Copy out all of the lines below exactly; the pictures do not belong in the copy.

Collection entries:

——————————

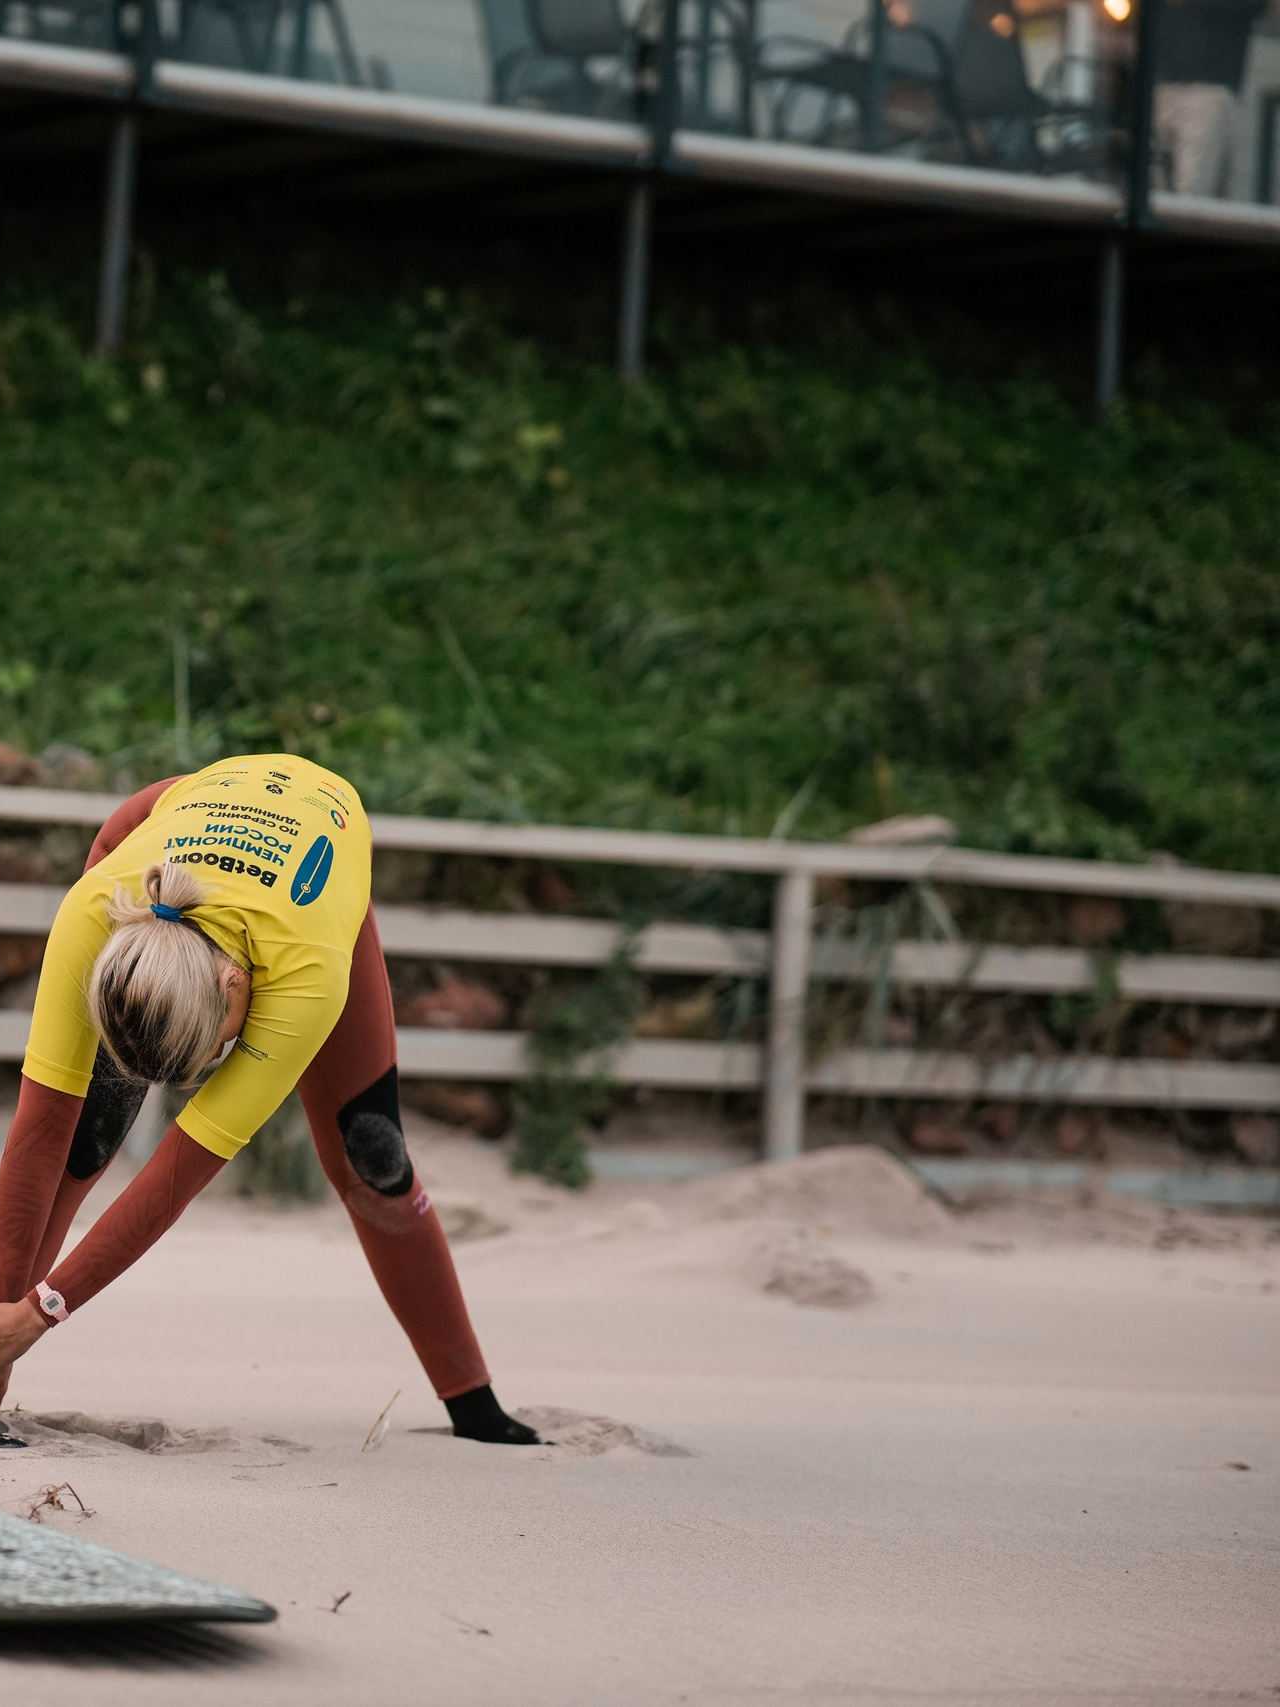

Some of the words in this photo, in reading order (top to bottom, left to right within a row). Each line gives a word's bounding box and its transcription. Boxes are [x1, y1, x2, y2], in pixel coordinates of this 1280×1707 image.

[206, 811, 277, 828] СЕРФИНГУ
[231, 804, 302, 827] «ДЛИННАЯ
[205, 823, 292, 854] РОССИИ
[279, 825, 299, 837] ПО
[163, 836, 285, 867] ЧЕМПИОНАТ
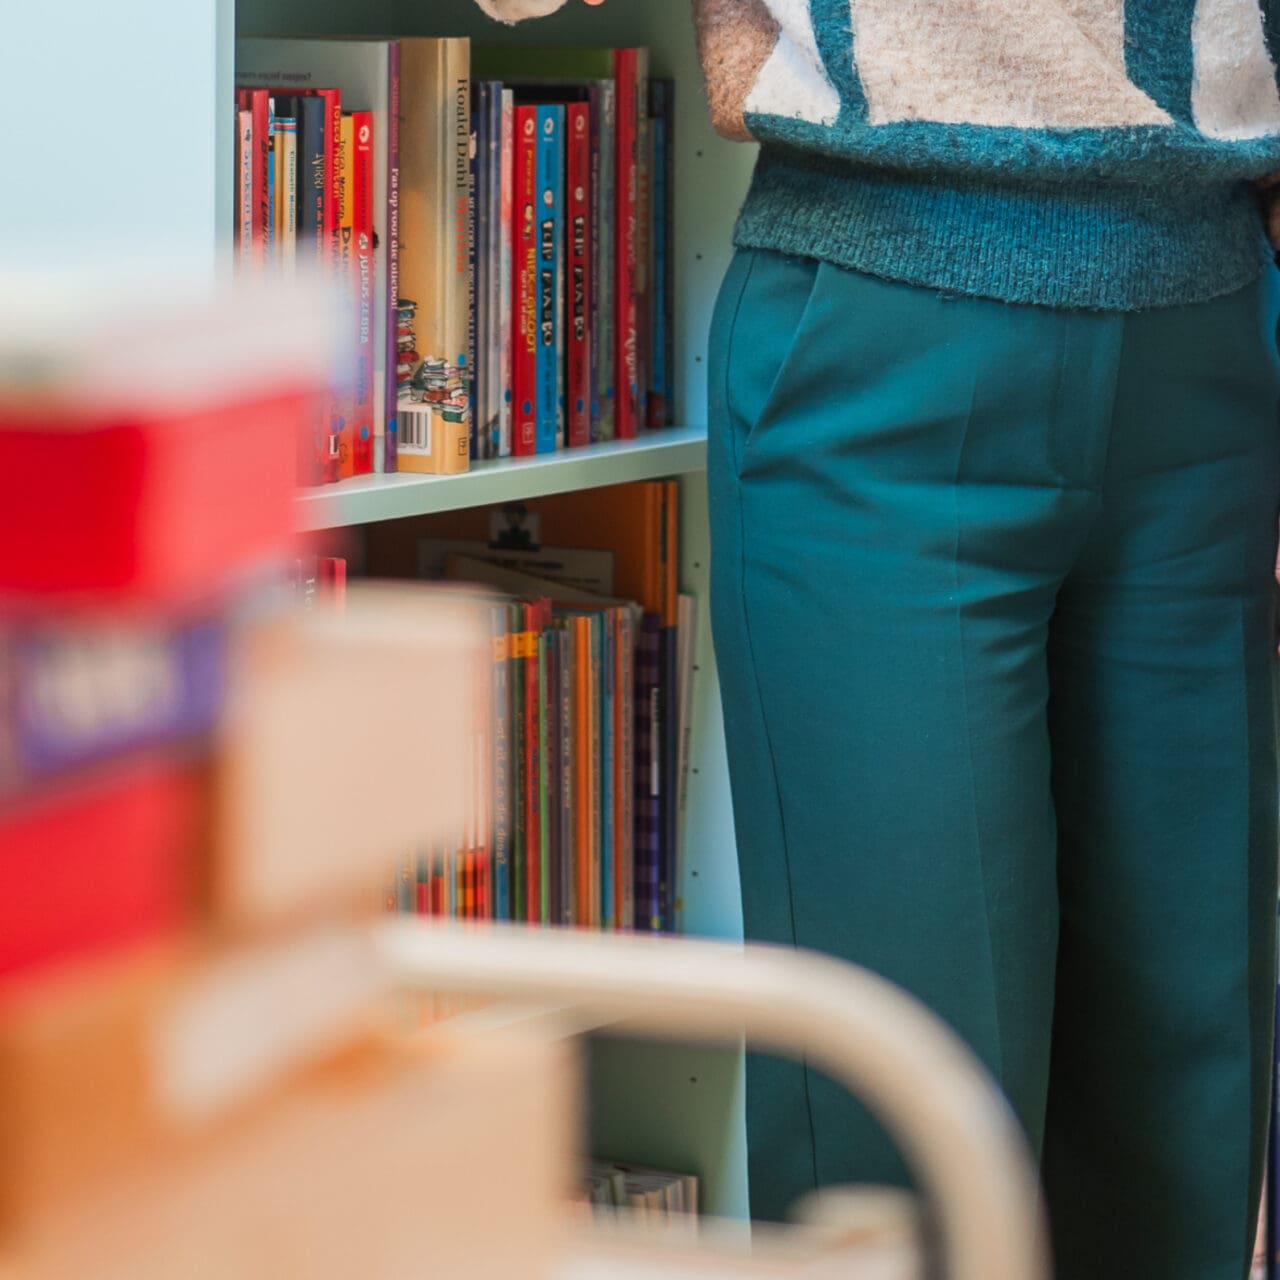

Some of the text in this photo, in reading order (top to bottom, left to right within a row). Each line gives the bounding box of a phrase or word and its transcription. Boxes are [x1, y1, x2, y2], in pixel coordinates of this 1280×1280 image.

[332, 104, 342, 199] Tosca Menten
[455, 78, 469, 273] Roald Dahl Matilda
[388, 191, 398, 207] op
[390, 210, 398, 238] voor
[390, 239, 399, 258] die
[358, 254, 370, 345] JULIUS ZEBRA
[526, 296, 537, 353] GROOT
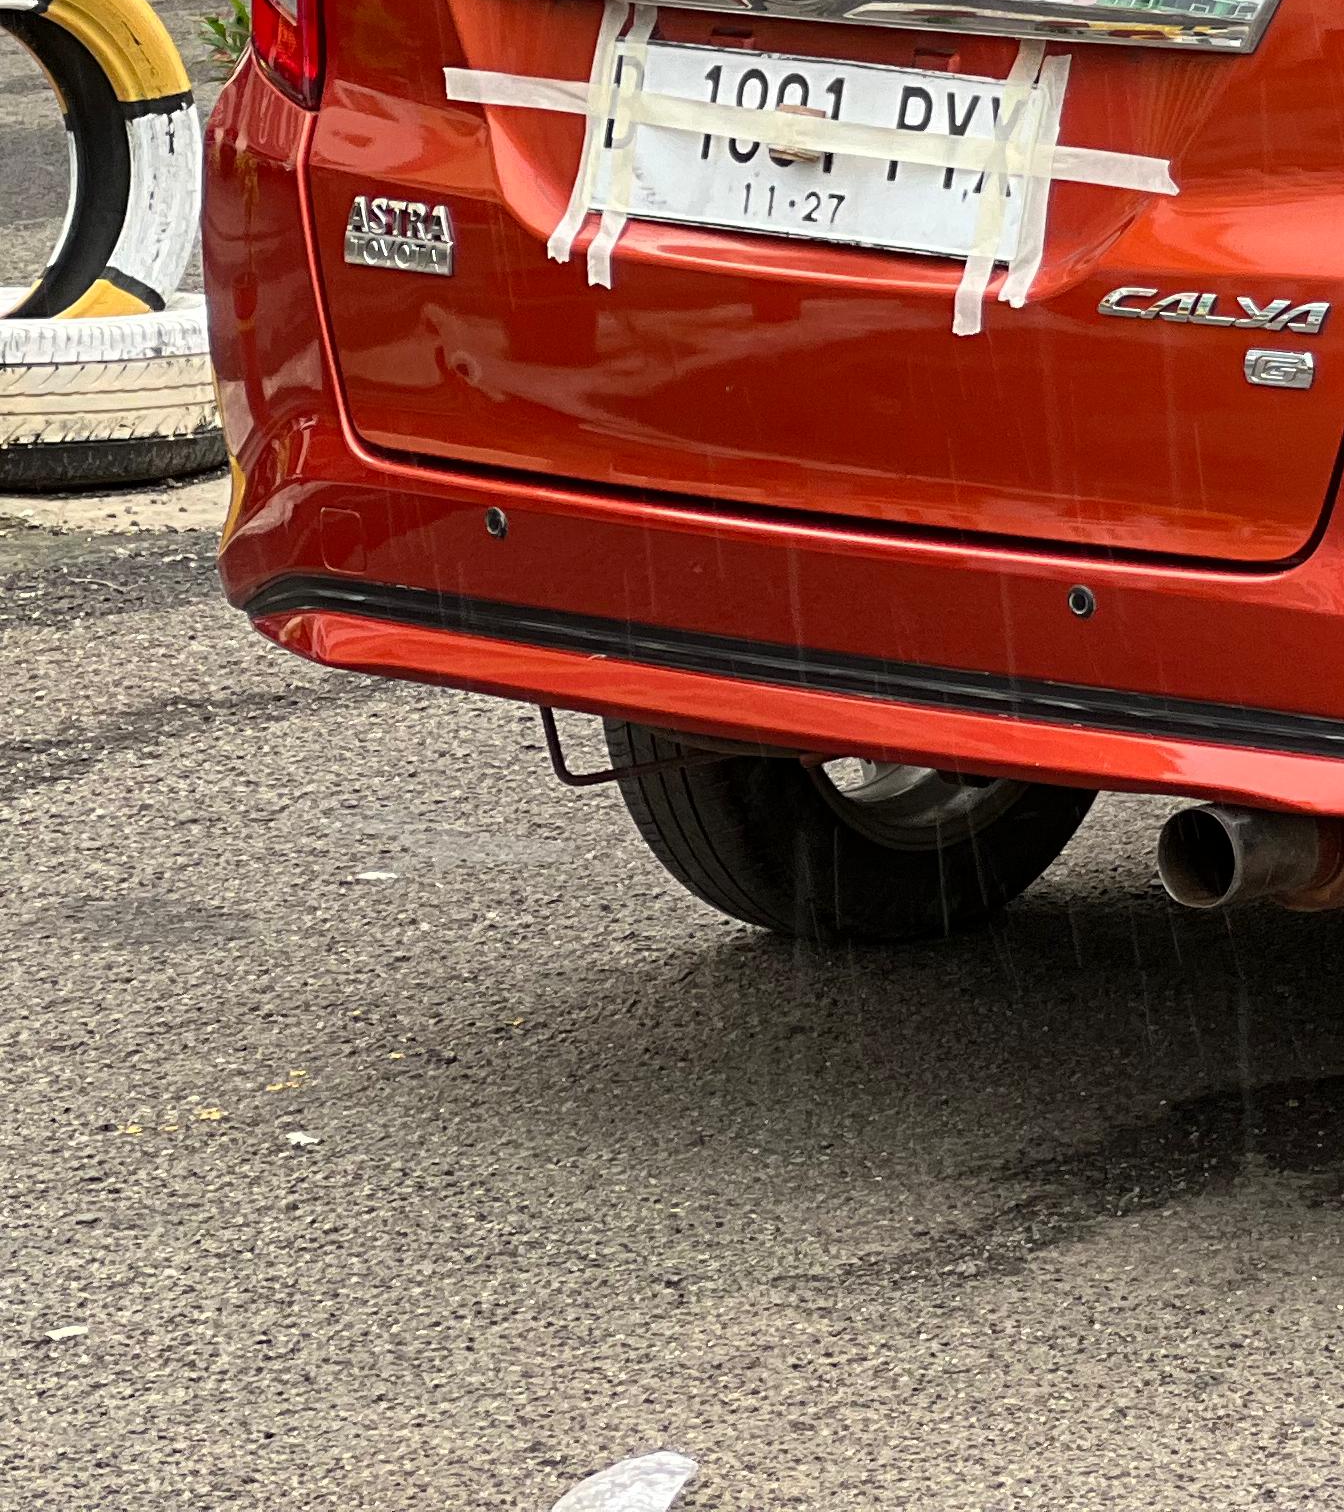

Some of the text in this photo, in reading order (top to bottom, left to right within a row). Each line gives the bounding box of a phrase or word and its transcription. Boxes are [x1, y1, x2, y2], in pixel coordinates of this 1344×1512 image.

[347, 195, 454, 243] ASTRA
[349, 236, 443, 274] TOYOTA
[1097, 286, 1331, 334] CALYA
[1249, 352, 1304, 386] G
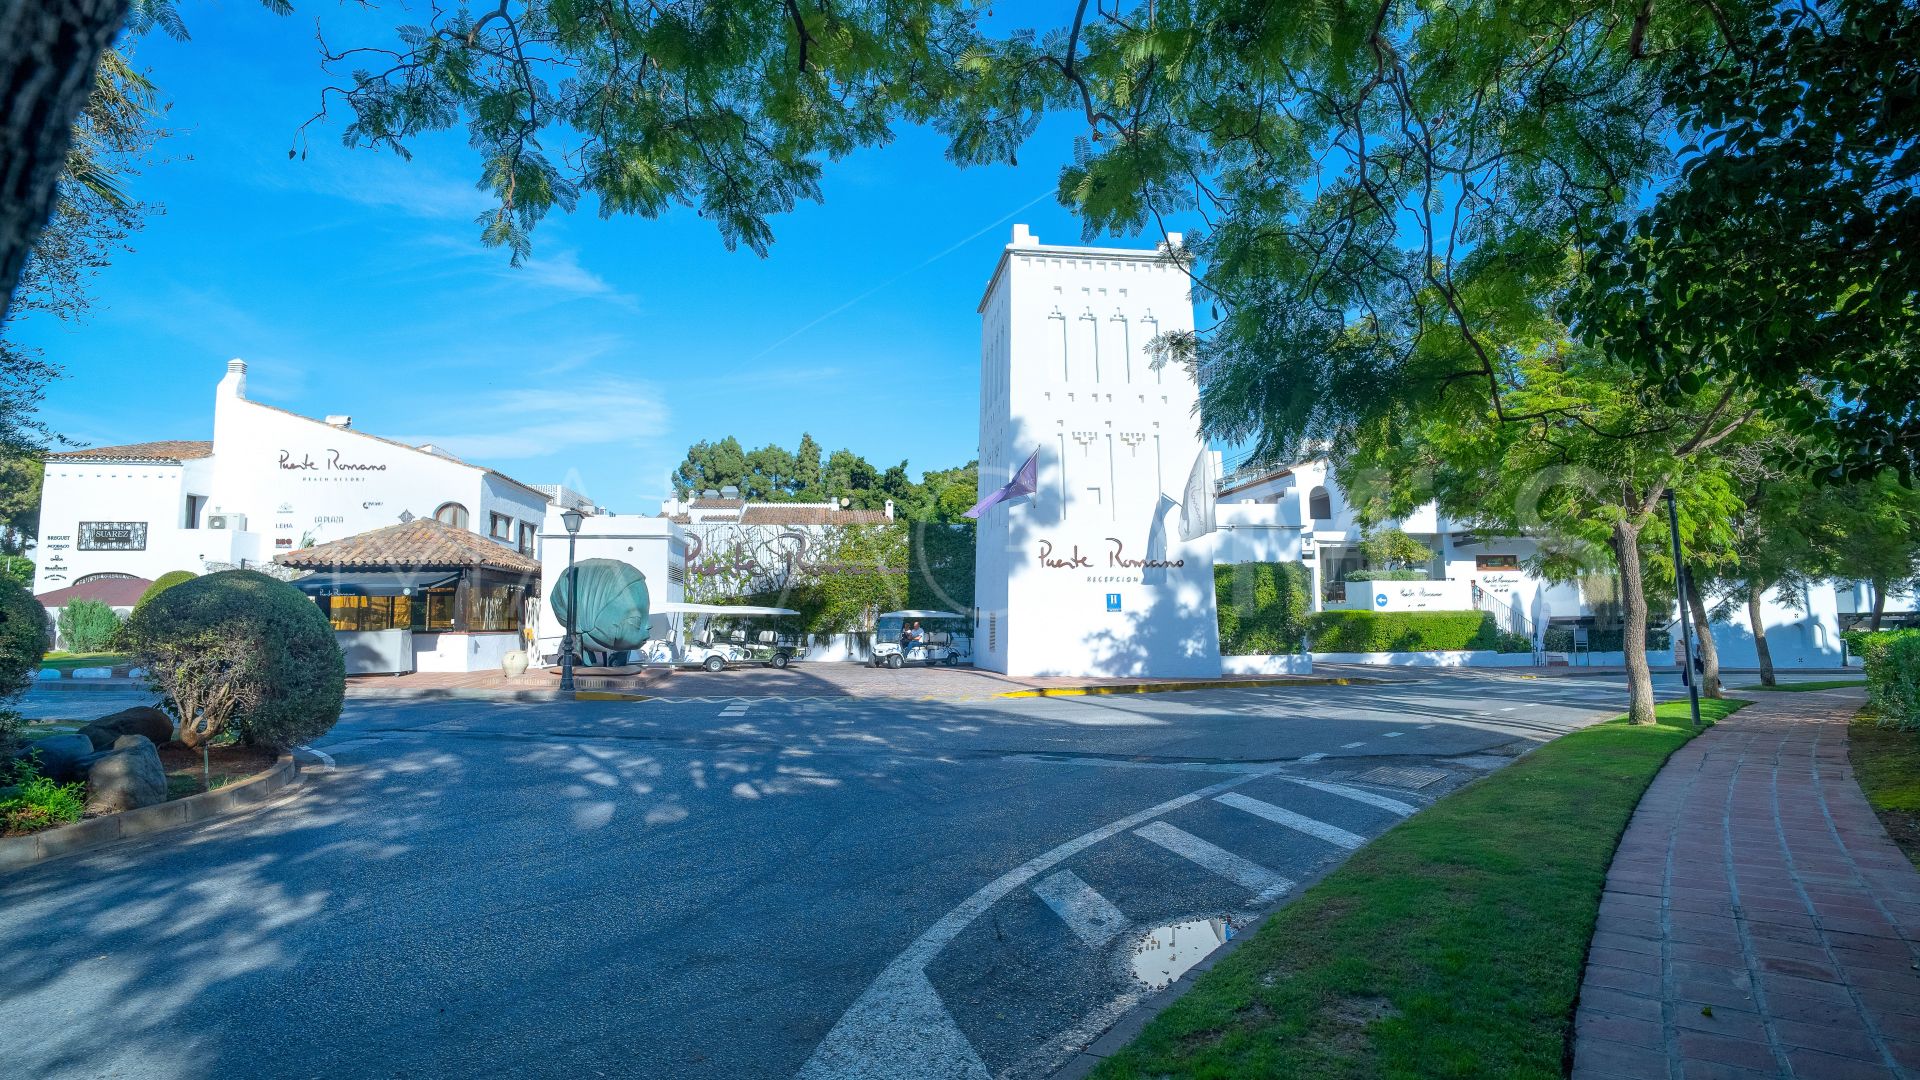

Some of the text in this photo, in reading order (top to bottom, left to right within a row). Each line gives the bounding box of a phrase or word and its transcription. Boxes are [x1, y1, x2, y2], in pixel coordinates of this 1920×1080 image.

——————————

RESULT OF THE TASK >>
Some of the words in this photo, in reading order (top to bottom, left to right within a row). Each line gives a word's bounding box and its transcription. Boxes are [x1, y1, x2, y2], in pixel coordinates of this 1280×1707 image.

[206, 811, 277, 828] СЕРФИНГУ
[231, 804, 302, 827] «ДЛИННАЯ
[205, 823, 292, 854] РОССИИ
[279, 825, 299, 837] ПО
[163, 836, 285, 867] ЧЕМПИОНАТ

Some of the text in this photo, in reading order (top to bottom, left to right within a row). Each line gives the bounding box of a phrase or word and its transcription. Boxes are [x1, y1, x2, y2], in pixel coordinates of this 1280×1280 image.

[332, 104, 342, 199] Tosca Menten
[455, 78, 469, 273] Roald Dahl Matilda
[388, 191, 398, 207] op
[390, 210, 398, 238] voor
[390, 239, 399, 258] die
[358, 254, 370, 345] JULIUS ZEBRA
[526, 296, 537, 353] GROOT

Some of the text in this photo, in reading order (top to bottom, left to right within a row). Each line gives the bounding box of a phrase or word and its transcription. Boxes are [x1, y1, x2, y2], in pixel coordinates of this 1344×1512 image.

[347, 195, 454, 243] ASTRA
[349, 236, 443, 274] TOYOTA
[1097, 286, 1331, 334] CALYA
[1249, 352, 1304, 386] G

Some of the text in this photo, in reading order (top to bottom, left to right within a row). Each line gives the bounding box of a phrase or word and its transcription. Boxes are [x1, y1, x2, y2], in pixel coordinates of this 1920×1080 image.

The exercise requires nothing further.